Nguyễn Lạc Hoá was born on 28 August 1908 in Móng Cái, Hải Ninh in a Chinese Nùng family.

Hoá fled from Guangxi Province in Communist China in 1950–51 with over 2,000 parishioners and ex-KMT soldiers, and spent eight years in Cambodia. In 1959, Hoá with 450 of the refugees were expelled by Norodom Sihanouk, then settled in Binh Hung on the Ca Mau Peninsula. They created a village and Hoá established a militia force - the Sea Swallows (Biệt khu Hải Yến) - against the Viet Cong, who were active in the area.

Hoá's success inspired others to join his Sea Swallows, including a company of "Nung tribesmen." Declassified documents would reveal that the Nung fighters were actually a contingent of Nationalist soldiers from the Republic of China.

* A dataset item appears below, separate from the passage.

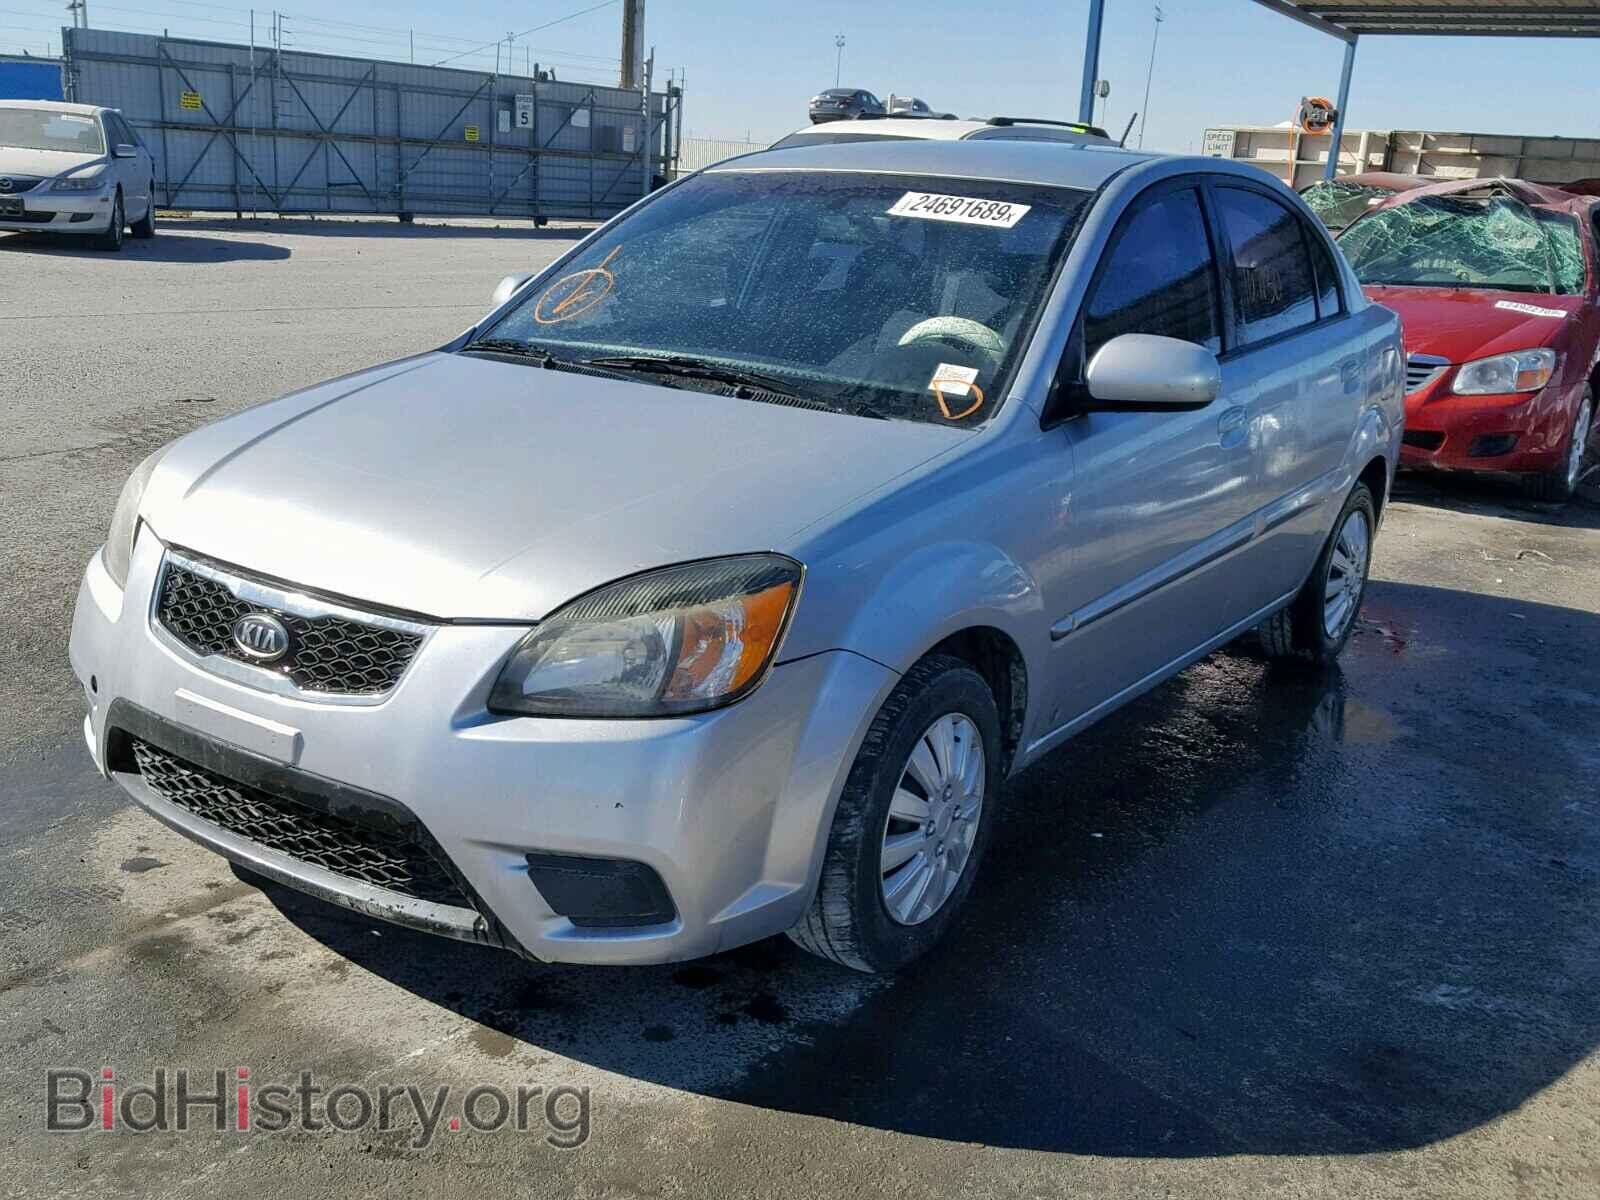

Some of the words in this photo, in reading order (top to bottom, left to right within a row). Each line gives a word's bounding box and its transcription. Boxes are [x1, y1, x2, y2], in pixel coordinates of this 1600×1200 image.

As the political situation in Saigon deteriorated, Hoá saw the battle turning and little chance of winning. Discouraged, he left Binh Hung, and retired to a parish in Taipei in 1973.

==Recognition in U.S.==
In January 1961, Edward Lansdale visited Hoá and Binh Hung. Back in Washington, he was surprised to find that President John F. Kennedy had taken a personal interest in his report on Hoá, and wanted it published in the Saturday Evening Post. It was attributed to "an American officer." The town of Newburyport, Massachusetts adopted Binh Hung as a sister community, and the Post followed up with another story on Hoá. Other correspondents who took up the story of the Sea Swallows included Dickey Chapelle and Stan Atkinson, who remembered Hoá decades later as the "most unforgettable character" he met in his travels.